Six of the 17 GOP nomination contenders on

Six of the 17 GOP nomination contenders on Feb. 13, 2016, in Greenville, S.C. They are, from left, Ohio Gov. John Kasich, former Florida Gov. Jeb Bush, Sen. Ted Cruz, Donald Trump, Sen. Marco Rubio and Dr. Ben Carson. Now only Trump is left standing. Credit: Bloomberg News / Daniel Acker

Donald Trump, the last standing of the original 17 Republican hopefuls for president, is keeping score on those former rivals who are now standing with him, or not.

On the one hand, there’s Jeb Bush, who hasn’t endorsed him.

“No, Jeb hasn’t done it yet,” Trump told a rally Wednesday in Anaheim, California. Then, reprising his taunt from early in the primary season, Trump said, “He will get a burst of energy, and he will do it, believe me. He needs a little more energy.”

On the other hand, Rick Perry.

“I get a call that Rick Perry . . . he made the nicest speech [about me],” the presumptive nominee told the crowd. Before endorsing Trump earlier this month, he recalled the former Texas governor “said the worst things about me” — perhaps referring to being described as a “barking carnival act.”

“I’ve never seen people able to pivot like politicians,” Trump observed.

Here’s a handy guide to who has and hasn’t made the pivot to Trump among his former GOP opponents.

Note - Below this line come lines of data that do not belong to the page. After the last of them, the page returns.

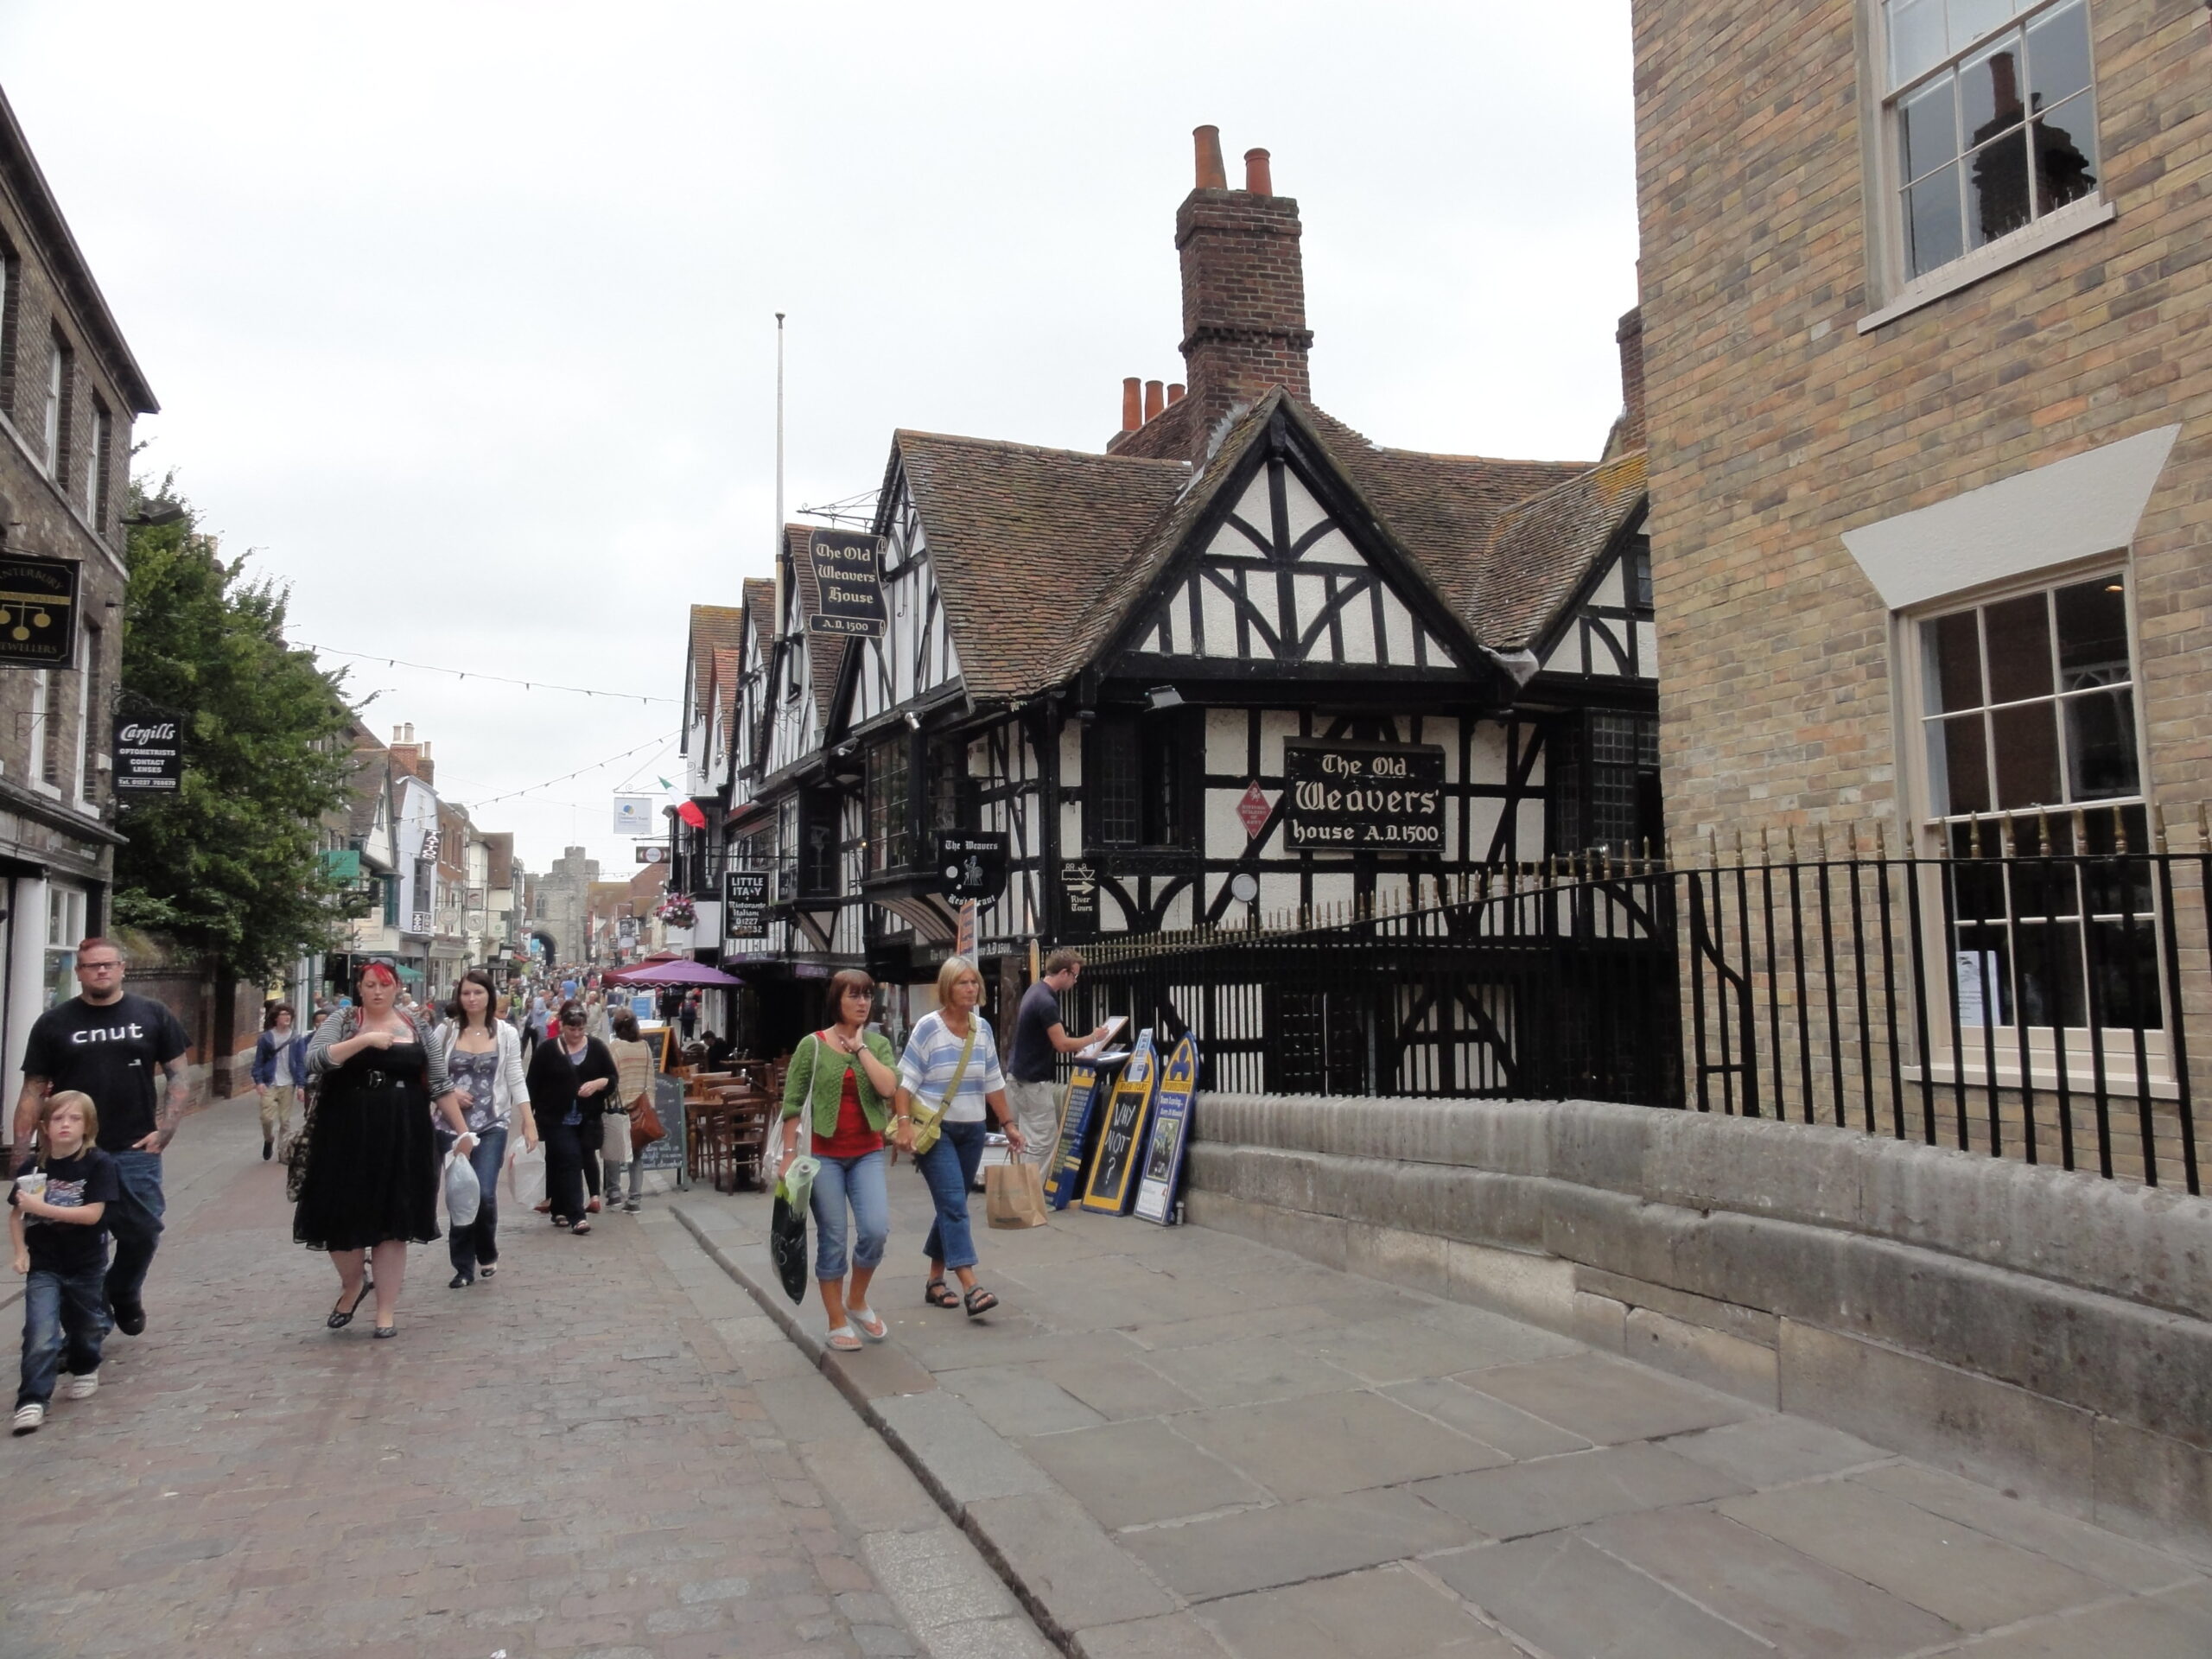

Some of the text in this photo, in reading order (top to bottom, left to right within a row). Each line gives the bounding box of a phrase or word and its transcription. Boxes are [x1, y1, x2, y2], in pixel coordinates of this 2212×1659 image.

[816, 543, 871, 562] The Old
[0, 568, 63, 589] NTERBURY
[818, 564, 876, 582] Weavers
[828, 587, 874, 604] House
[823, 620, 869, 632] A.D. 1500
[0, 641, 58, 654] EWELLERS
[120, 722, 176, 746] Cargills
[1322, 754, 1407, 779] The Old
[1293, 819, 1355, 842] house
[944, 840, 998, 851] The Weavers
[732, 877, 764, 887] LITTLE
[948, 893, 996, 908] Restrant
[73, 1023, 144, 1044] cnut
[1114, 1103, 1136, 1127] WHY
[1105, 1130, 1131, 1154] NOT
[1105, 1158, 1116, 1184] ?

  • New Jersey Gov. Chris Christie, a frequent onstage presence at Trump rallies, and much discussed for a top spot in a Trump administration.
  • Neurosurgeon Dr. Ben Carson, an adviser to Trump and his campaign, though it’s unclear how much advice is taken.
  • Former Sen. Rick Santorum said this week he endorses Trump “100 percent.”
  • Former Virginia Gov. Jim Gilmore said conservatives should seize the chance “to actually inject our conservative ideas as a matter of policy into the Trump campaign.”
  • Former Arkansas Gov. Mike Huckabee, who tweeted earlier this month: “I am all in for @realDonaldTrump and urge all the GOP to unite and win back the White House.”

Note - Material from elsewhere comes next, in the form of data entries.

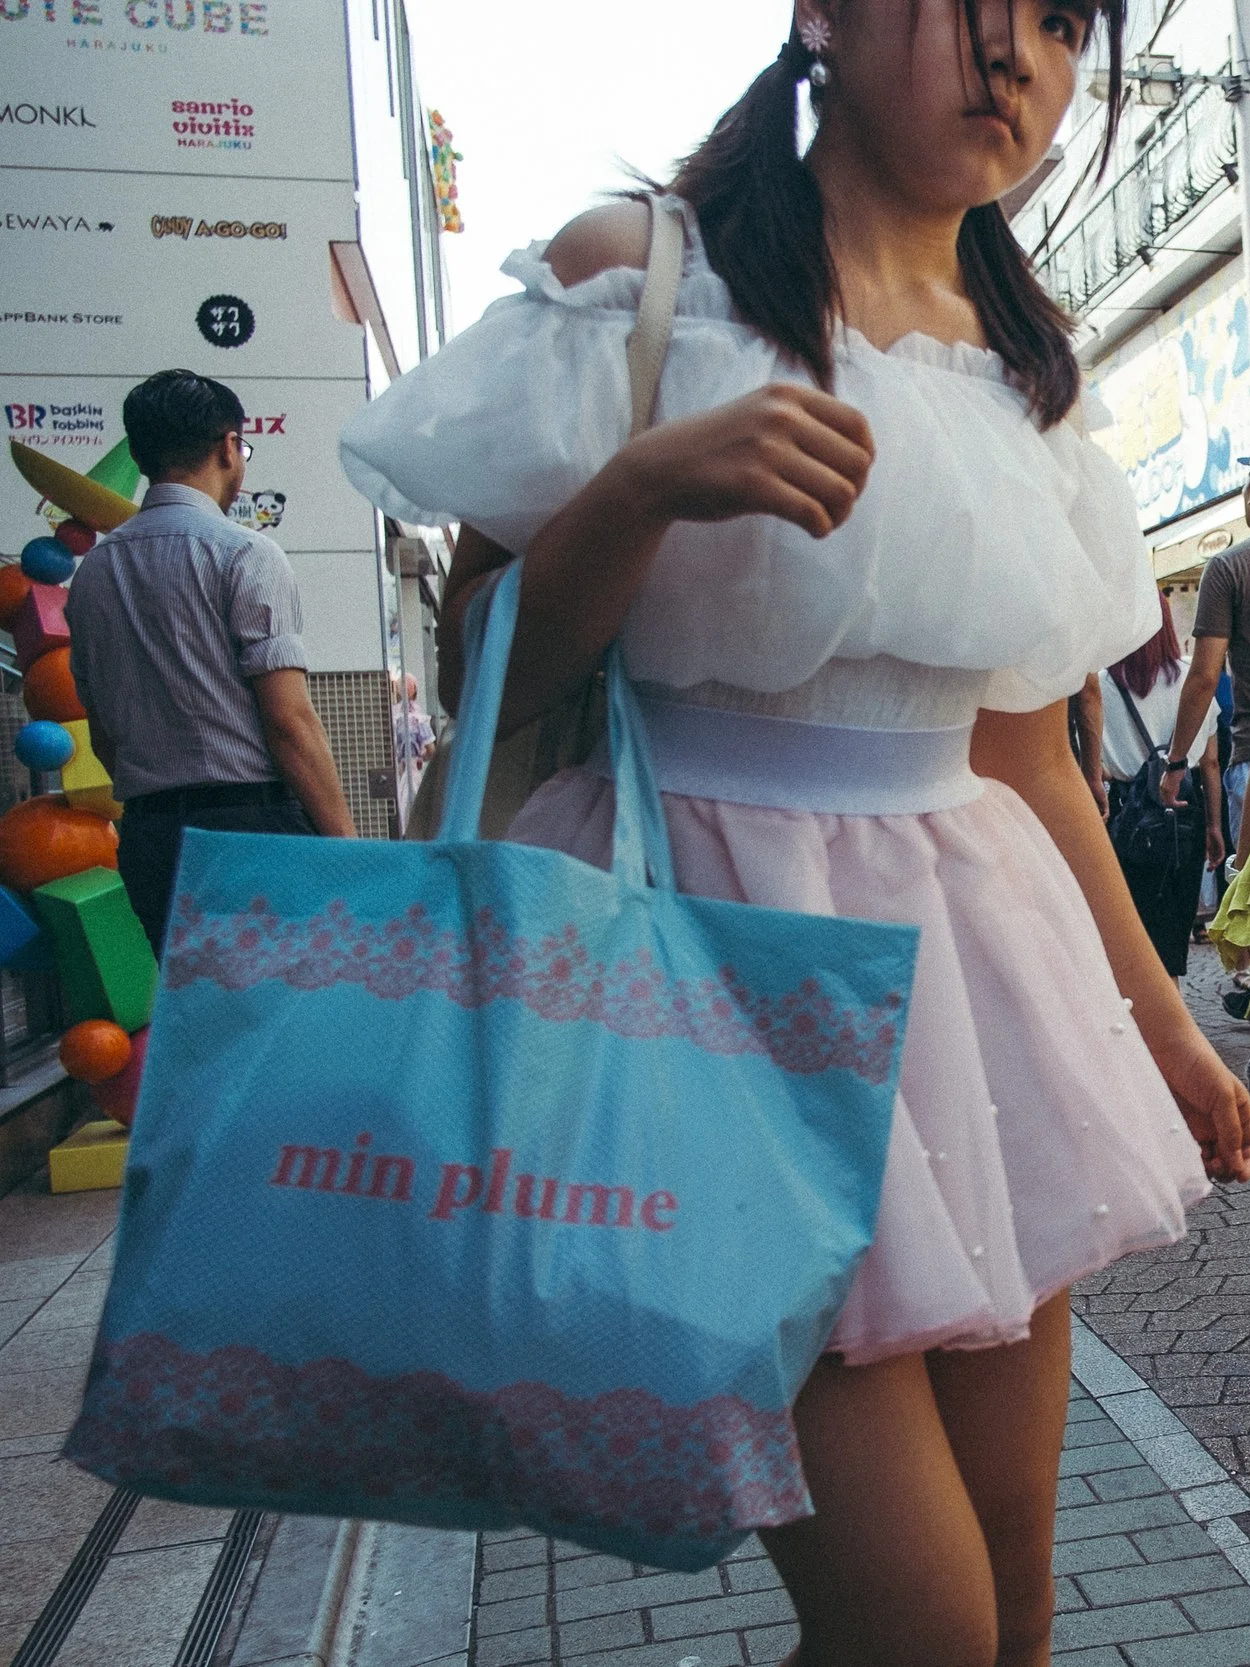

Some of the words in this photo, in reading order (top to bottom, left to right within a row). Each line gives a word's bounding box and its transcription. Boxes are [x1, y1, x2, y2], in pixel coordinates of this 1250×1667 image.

[125, 0, 269, 36] CUBE
[66, 38, 168, 54] HARAJUKU
[171, 98, 254, 117] sanrio
[172, 116, 255, 137] vivitix
[177, 138, 252, 150] HARAJUKU
[0, 213, 91, 232] EWAYA
[268, 1131, 417, 1202] min
[427, 1146, 681, 1233] plume

  • Perry said earlier this month that Trump is“not a perfect man” and that “he wasn’t my first choice, wasn’t my second choice, but he is the people’s choice.”
  • Former Louisiana Gov. Bobby Jindal said “Donald Trump is the second worst choice we can make” but “Hillary Clinton is the worst choice we can make.”
  • Sen. Marco Rubio told CNN that while he still has “policy differences” with Trump, he would speak on his behalf at the GOP national convention if asked because “I don’t want Hillary Clinton to be president.”
  • Sen. Rand Paul said he will honor the pledge all candidates made to support the eventual nominee, who he formerly called “a delusional narcissist and an orange-faced windbag.”
  • Wisconsin Gov. Scott Walker has endorsed Trump in accordance with the pledge all candidates made to support the nominee but may not campaign for him.


  • Sen. Lindsey Graham has spoken to Trump — conversations both call cordial — but hasn’t formally endorsed the man he has called “a race-baiting, xenophobic, religious bigot.”
  • Carly Fiorina hasn’t made an endorsement. At a Connecticut GOP fundraiser this week, she wouldn’t utter Trump’s name but did vow “to do everything “to make sure that Hillary Clinton is not our next president.”


  • Sen. Ted Cruz hasn’t endorsed the candidate he described in the final day his own campaign as “utterly immoral” and a “pathological liar,” and it’s unclear if he ever will.
  • Ohio Gov. John Kasich said this week it’s going to be “really hard” for him to back Trump “unless I see a fundamental change” in the candidate.
  • Former New York Gov. George Pataki said of Trump last week that he “needs to articulate a number of thoughtful positions on the issues for me to be able to endorse him.”


  • Jeb Bush, the former Florida governor, said he won’t vote for Trump or Clinton adding, “if we lose in November, we Republicans have ourselves to blame.”